The Secretary described the Viet-Minh army, which he said had approximately 315,000 men with some organized Chinese units attached to it. If the Chinese forces were increased by a substantial number, opposition to them would probably not be successful. There was one thing that might be done to deter Communist aggression in South East Asia, namely, the publication of a warning to Communist China. Such a declaration, however, raised serious problems as to the nature of the warning, whether it should be public or private, blunt or vague. Schuman was inclined toward a vague warning. It was our opinion that discussion of this warning should be put off until we knew what we were going to do in South East Asia. It seemed to us impossible to convey a warning unless we had agreed on what we would do, especially if the warning were disregarded. A warning had a certain “preventive” quality. (The Secretary then quoted paragraphs 27 to 32 of the Ad Hoc Committee’s report on South East Asia.)1 He said that the British agreed with the contents of the Ad Hoc Committee report but had made certain reservations which, in the opinion of the United States, rendered the report useless. We felt that the officers who had participated [Page 188] in the preparation of the Ad Hoc Committee’s report could not talk freely as they had had to confine themselves to a discussion of Indochina. The purpose of the guidance paper which had been prepared last June in London2 was therefore to get agreement between the governments so that our military men could talk without restriction. The French and British had approved the London guidance paper but thus far we had not done so as we were not sure that it met the requirements, i.e., that it would permit recommendations on the possible courses of military action.
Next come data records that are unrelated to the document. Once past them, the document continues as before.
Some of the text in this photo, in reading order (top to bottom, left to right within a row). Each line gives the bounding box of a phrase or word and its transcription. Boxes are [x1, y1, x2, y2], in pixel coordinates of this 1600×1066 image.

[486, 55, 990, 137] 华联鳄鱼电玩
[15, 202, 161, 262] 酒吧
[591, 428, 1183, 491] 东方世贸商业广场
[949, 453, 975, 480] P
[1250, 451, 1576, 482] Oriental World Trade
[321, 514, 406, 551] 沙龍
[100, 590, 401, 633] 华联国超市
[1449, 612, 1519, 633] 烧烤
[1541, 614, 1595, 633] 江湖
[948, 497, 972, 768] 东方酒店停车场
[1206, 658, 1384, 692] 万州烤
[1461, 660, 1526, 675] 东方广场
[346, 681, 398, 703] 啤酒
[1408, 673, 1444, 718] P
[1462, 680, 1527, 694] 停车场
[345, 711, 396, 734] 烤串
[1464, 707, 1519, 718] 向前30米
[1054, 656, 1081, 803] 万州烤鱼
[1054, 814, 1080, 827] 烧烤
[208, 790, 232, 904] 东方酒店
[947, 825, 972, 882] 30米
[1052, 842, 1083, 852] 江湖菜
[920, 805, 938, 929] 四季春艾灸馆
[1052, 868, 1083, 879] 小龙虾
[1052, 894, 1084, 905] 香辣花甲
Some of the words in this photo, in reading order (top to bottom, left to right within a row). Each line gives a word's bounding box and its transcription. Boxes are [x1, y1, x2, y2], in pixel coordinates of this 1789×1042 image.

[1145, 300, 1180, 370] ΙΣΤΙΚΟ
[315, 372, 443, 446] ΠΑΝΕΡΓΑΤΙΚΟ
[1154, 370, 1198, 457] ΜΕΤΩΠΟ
The Secretary then read the conclusions of the representatives of France, the United Kingdom and the United States for the policy guidance of the Ad Hoc Committee. (London telegram 5999, June 28, 4 p.m.) Regarding the conclusion, that in the event of further Chinese aggression, joint agreed action would be taken, the Secretary commented that this point had been included so that something could be done. Regarding the conclusion that the action taken would not be designed to overthrow the present Chinese Communist government but to cause it to cease its aggression, the Secretary said that the French and British wanted this statement included as they feared the impulsiveness of the United States might draw them into a war with China. With respect to the conclusion which stated that in any action to be taken, the risk of provoking Soviet armed support of China should be reduced to a minimum consistent with effectively carrying out the task of causing China to cease its aggression, the Secretary said that by using the words “reduced to a minimum” it was hoped to avoid a merry-go-round. Finally concerning the conclusion that, if aggression occurred, action, at any rate to begin with, should if possible be confined to the area of aggression and support areas in Chinese territory, the Secretary commented, that this phraseology, which was aimed at not spreading our action, might stop the talks. He added that in our opinion not only the beginning but the end of the action had to be discussed.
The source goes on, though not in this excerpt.